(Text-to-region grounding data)
=== Begin Enclosure ===

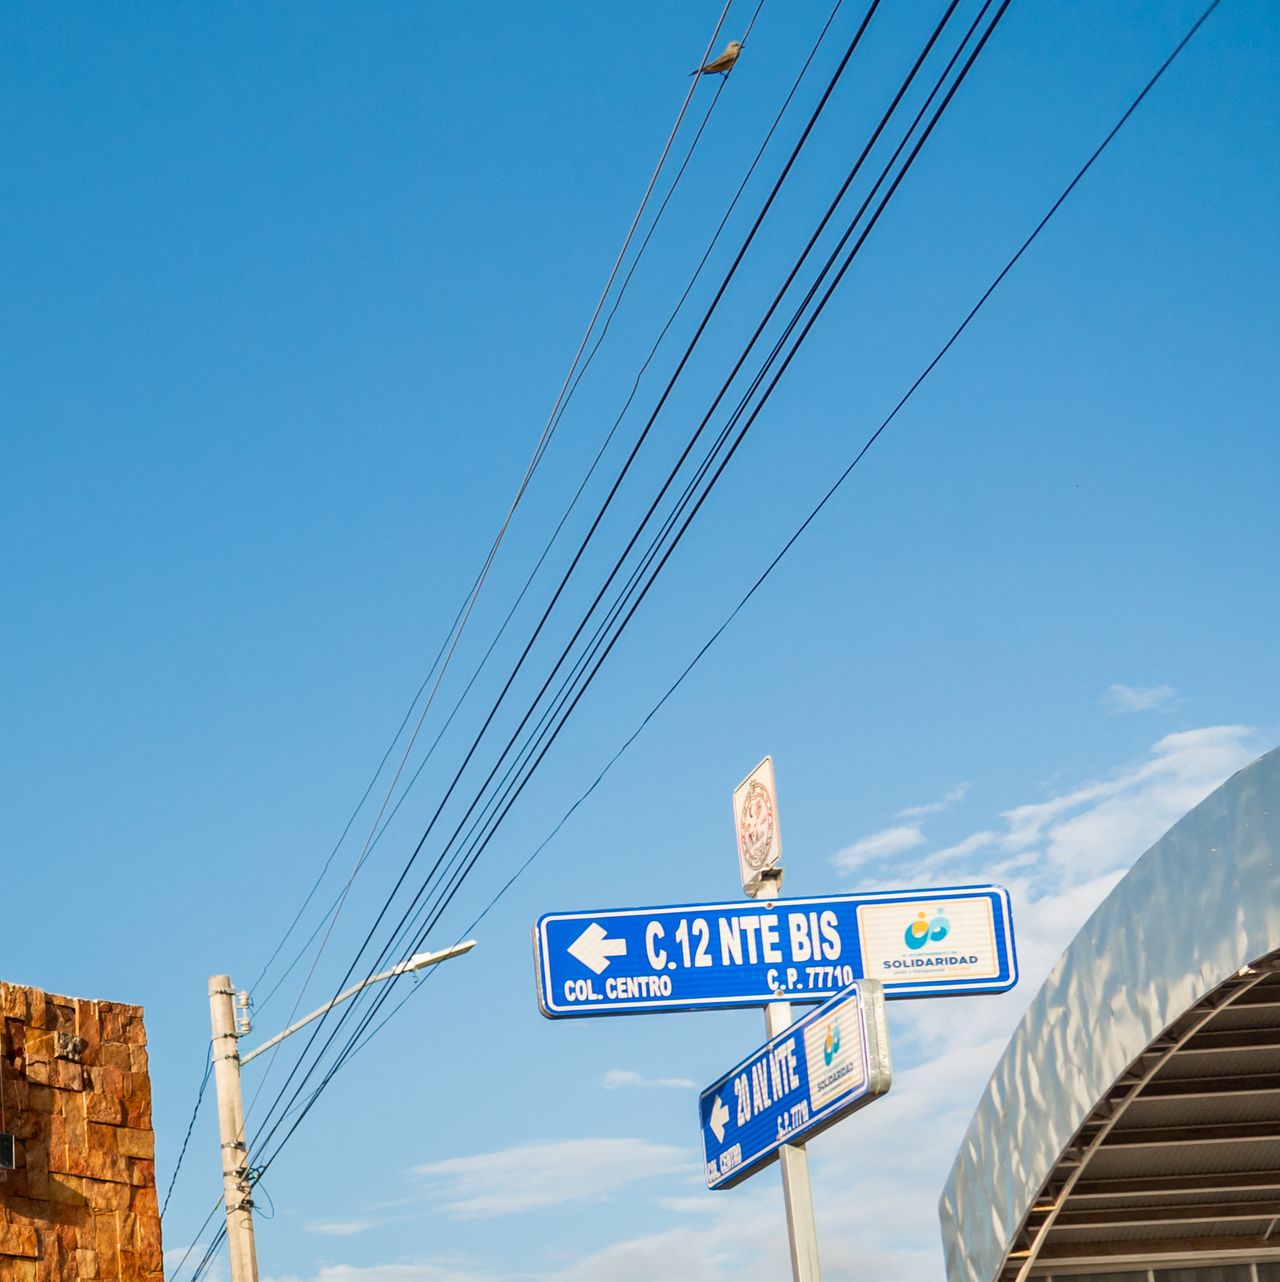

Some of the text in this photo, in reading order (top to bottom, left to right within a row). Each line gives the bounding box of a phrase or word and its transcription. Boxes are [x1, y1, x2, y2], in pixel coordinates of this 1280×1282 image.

[718, 914, 783, 966] NTE
[788, 910, 842, 962] BIS
[883, 955, 979, 969] SOLIDARIDAD
[564, 975, 672, 1001] COL. CENTRO
[805, 965, 853, 988] 77710
[734, 1073, 751, 1127] 20
[769, 1037, 800, 1102] NTE
[817, 1062, 854, 1092] SOLIDARIDAD
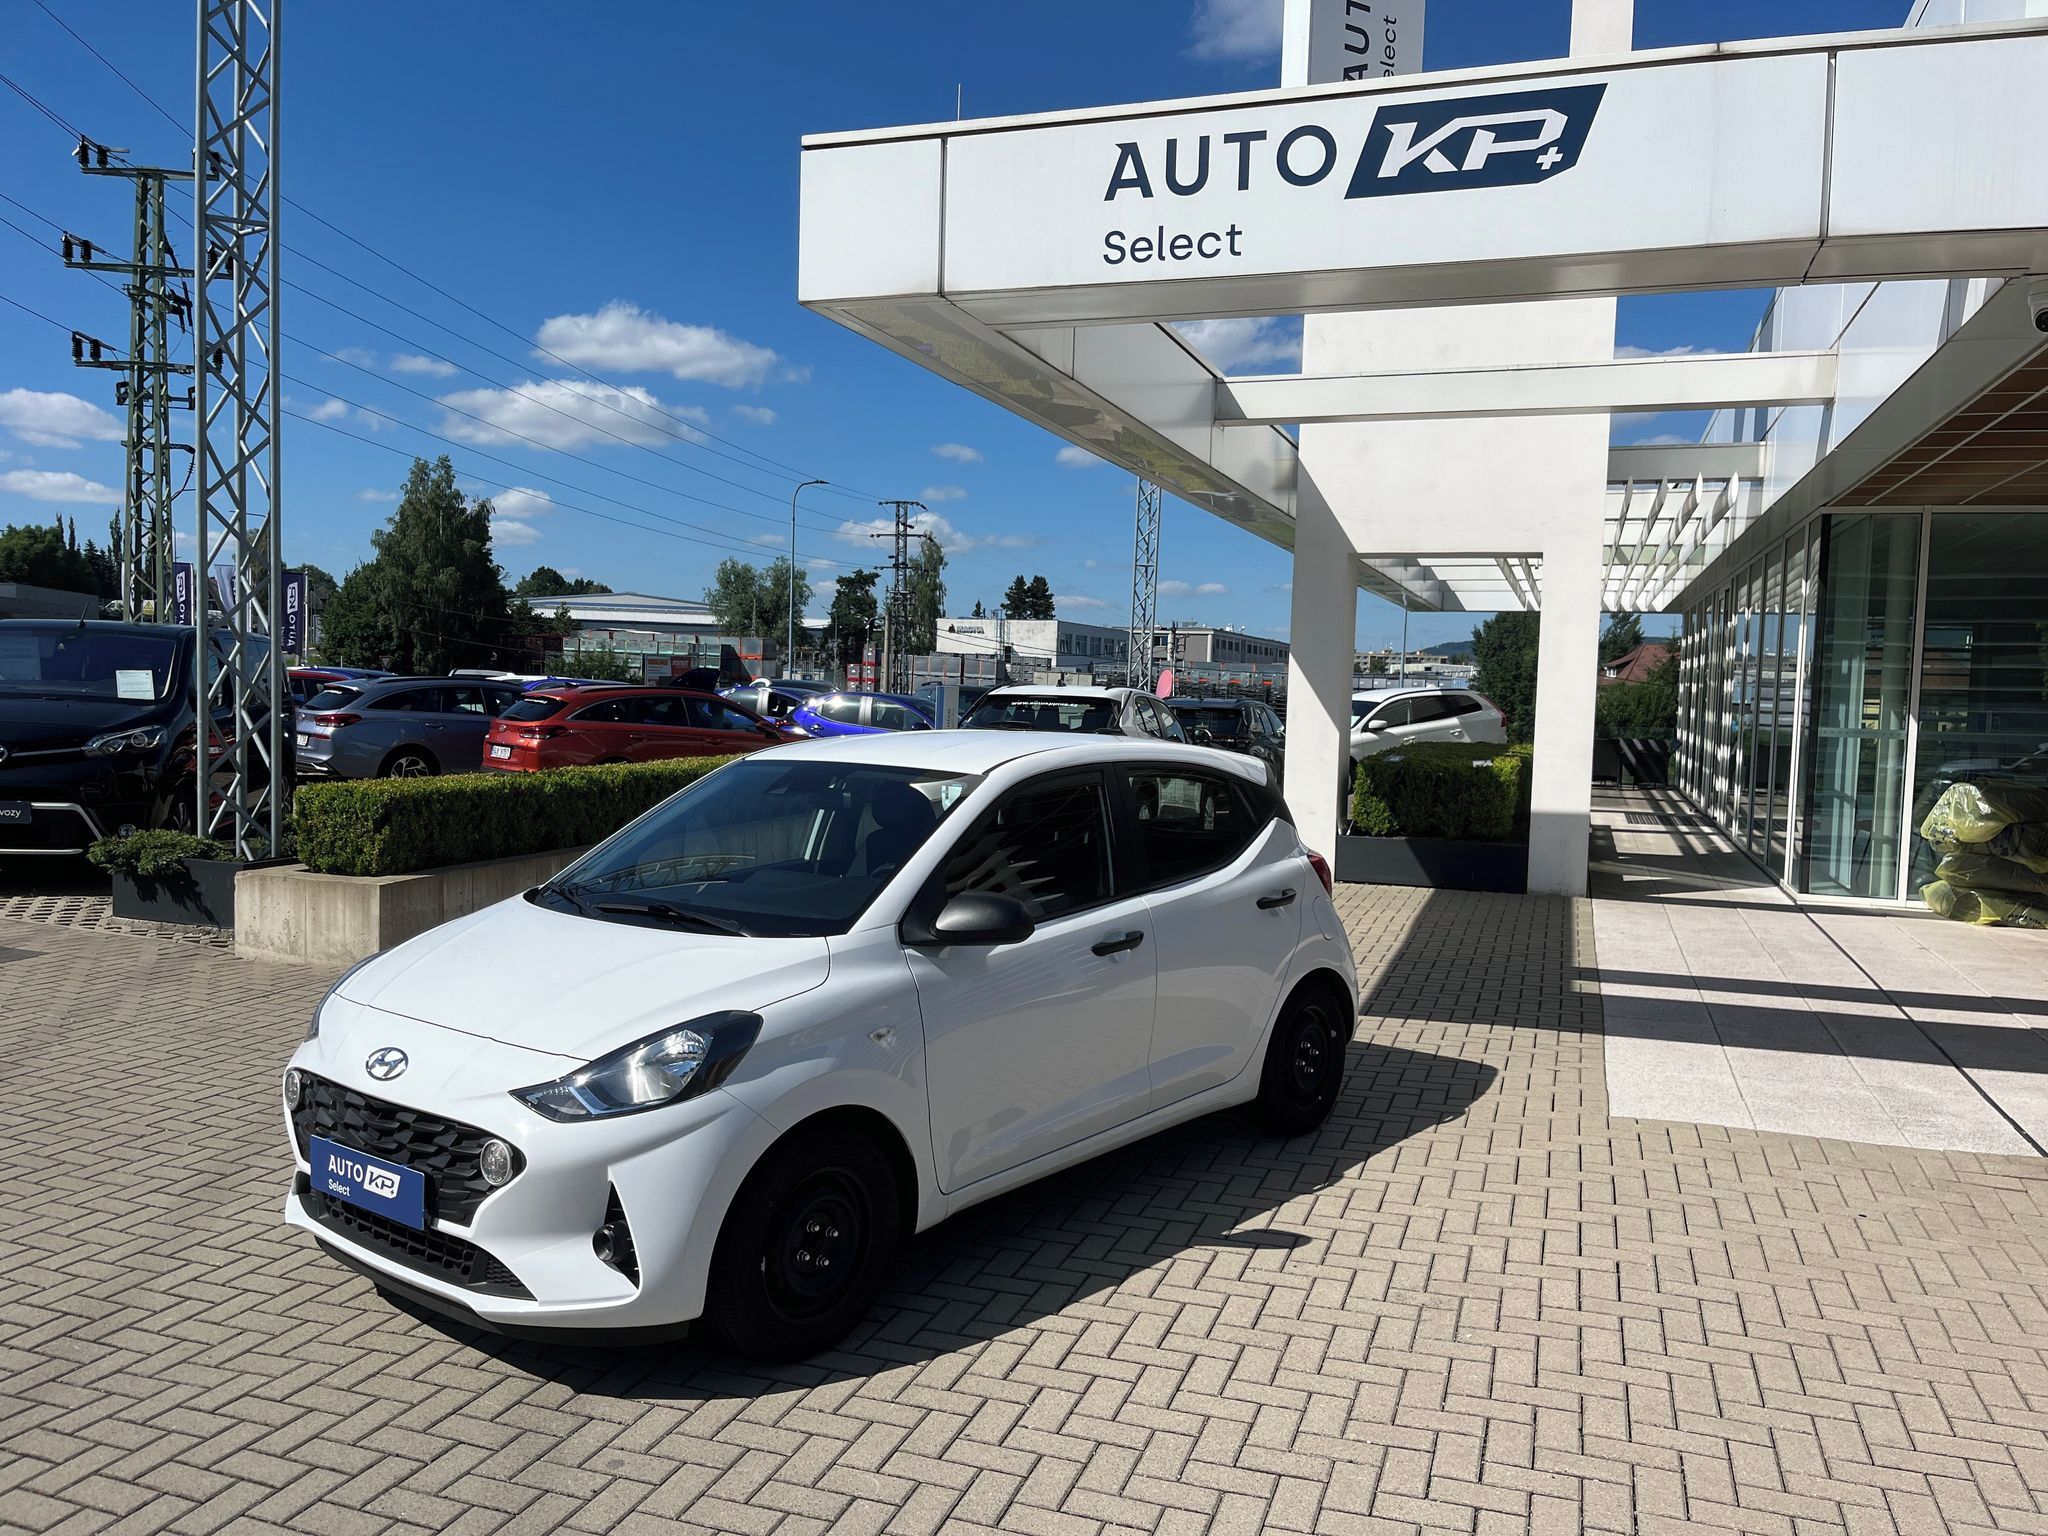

=== End Enclosure ===

- ABOUT THIS EXERCISE: Each entry above must be restated word for word; the pictures stay out of the copy.

- ANSWER SPACE:
Some of the text in this photo, in reading order (top to bottom, left to right within a row). Each line gives the bounding box of a phrase or word and its transcription. Boxes are [x1, y1, x2, y2], in pixel coordinates of this 1280×1282 image.

[718, 914, 783, 966] NTE
[788, 910, 842, 962] BIS
[883, 955, 979, 969] SOLIDARIDAD
[564, 975, 672, 1001] COL. CENTRO
[805, 965, 853, 988] 77710
[734, 1073, 751, 1127] 20
[769, 1037, 800, 1102] NTE
[817, 1062, 854, 1092] SOLIDARIDAD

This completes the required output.